The Romanian unit demonstrated the rapid development of gas-turbine technology, even with hot-gas-path materials limited to 1112F and turbine inlet temperatures of 1070F (less than the exhaust temperatures of some modern machines). Pressure ratios were low compared to those achievable today, but the intercooled turbines had higher efficiencies than some modern engines with cooled turbine stages.
The Romanian success story was soon followed by a 40-MW powerplant in Beznau, Switzerland, with one 13-MW and one 27-MW engine operating on crude oil and optimized to achieve smokeless combustion. The engines in this plant, the world’s largest generating station incorporating gas turbines, featured recuperators and sequential combustion, in addition to intercooling.
Port Mann was the next step forward. Having units controlled from corporate headquarters was important for a utility trying to reduce head count because of salaries viewed by management as high. Here’s how this was achieved in an era of electrohydraulic controls and mechanical relays:
A directional radio link was installed from downtown Vancouver to a substation about 13 away and transmitted by high-frequency impulses on a high-voltage power line to the Port Mann substation. From there, the impulses were relayed in the same manner to the Port Mann generating station about 10 miles from the substation on the banks of the Frazer River.
Lessons learned on this project contributed significantly to the continued development of gas-turbine technology for power generation. They included the following:
- The single-burner combustor design resulted in a visible exhaust plume. Use of a basic water injection system reduced NOx emissions and controlled the plume.
- Retrofit of an automatic overrunning clutch permitted faster power dispatch from the synchronous condenser mode of operation.
- A 1977 plant report mentioned two bent R1 compressor blades. The assumed cause was inlet icing. Subsequent tests showed ice formation and shedding into the compressor at 35F and 100% humidity. A similar compressor failure seven years earlier probably was caused by icing as well. Icing continues to be a condition of concern and can occur at ambient temperatures in the 40s. For more information, go to www.ccj-online.com and type “compressor icing” into the search-function box.

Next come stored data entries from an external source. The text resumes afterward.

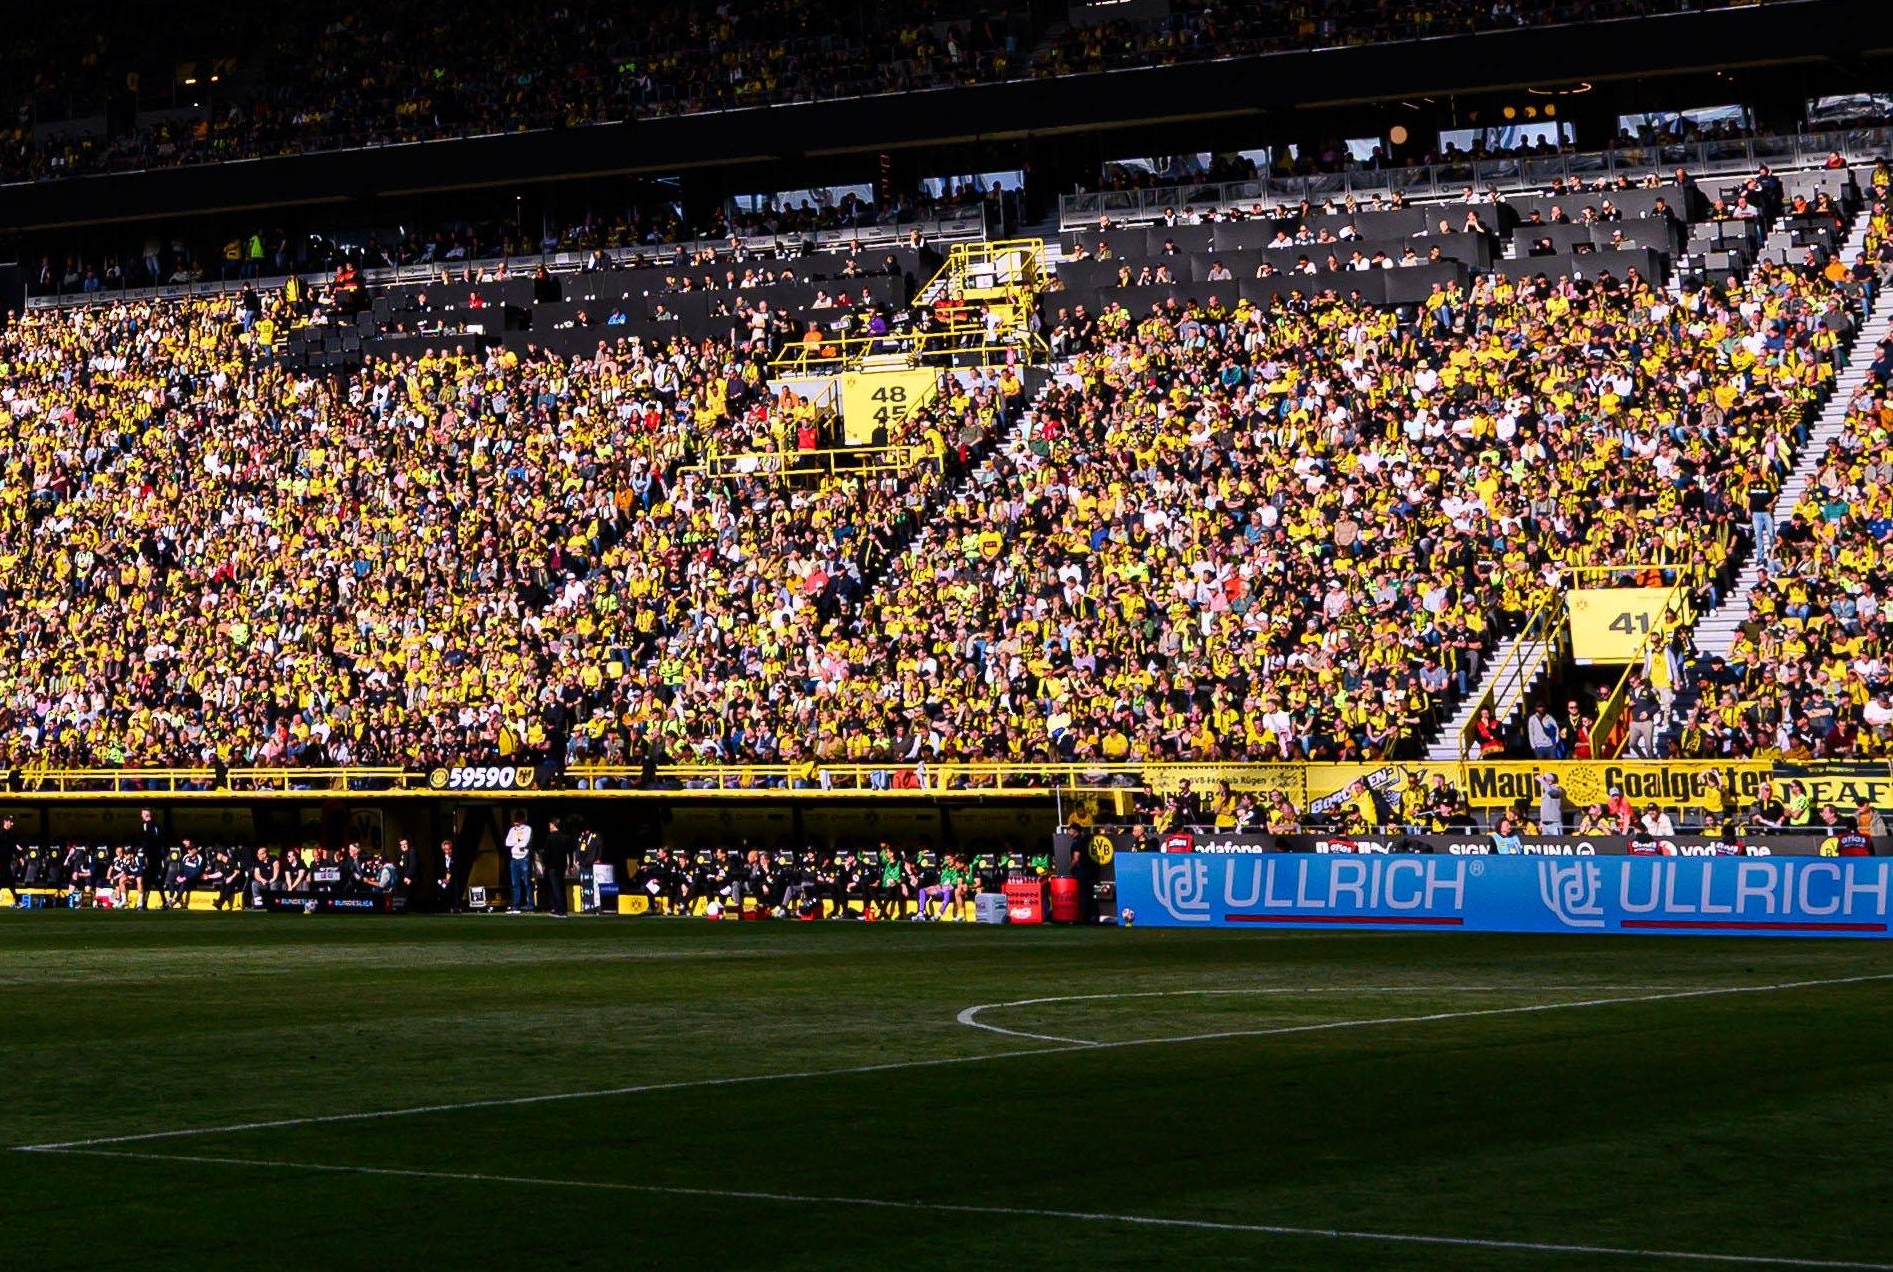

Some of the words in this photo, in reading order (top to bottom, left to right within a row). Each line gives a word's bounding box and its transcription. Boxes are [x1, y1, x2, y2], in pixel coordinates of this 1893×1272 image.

[871, 386, 907, 403] 48
[1608, 611, 1650, 635] 41
[449, 766, 516, 788] 59590
[1468, 766, 1558, 801] Magi
[1604, 766, 1774, 803] Goalgeter
[1618, 860, 1890, 916] ULLRICH

“The search for higher efficiency and output, which motivated the early developments in intercooling, also was driver for the first combined cycle, Korneuburg A, installed in 1961” van der Linden continued. The 2 x 1 Austrian plant was equipped with two 25-MW intercooled gas turbines and one 25-MW steam turbine. The 26%-efficient GTs produced a relatively cool exhaust stream (590F), resulting in low-quality steam. A fired superheater raised steam temperature to 824F, boosting overall plant efficiency to 32%.

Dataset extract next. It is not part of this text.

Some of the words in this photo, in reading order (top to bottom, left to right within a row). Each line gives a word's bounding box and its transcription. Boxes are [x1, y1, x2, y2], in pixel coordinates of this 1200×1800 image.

Van der Linden recalled that the plant ran successfully until 1974 when high fuel prices made it uneconomic. It was replaced by Korneuburg B, a 125-MW 1 x 1 combined cycle, powered by a single-shaft, 81-MW gas turbine. This plant was the most efficient powerplant ever commissioned when it went into service in 1981. “The race was on,” van der Linden said, “for improved cycle efficiency with ever-increasing turbine inlet temperatures, pressure ratios, and GT sizes.”
Closing, the consultant added, “The displacement of two-shaft intercooled reheat machines by a lower-cost single large gas turbine with co-axial shafts, two compressors and turbines, a single annular combustor, and substantially higher efficiency was a truly remarkable development.” CCJ
Acknowledgement. Historical sources include published papers and various editions of the Brown Boveri Review in addition to personal communication with Dietrich Eckhardt. To dig deeper, see ASME’s Journal of Engineering for Gas Turbines and Power, July 2002.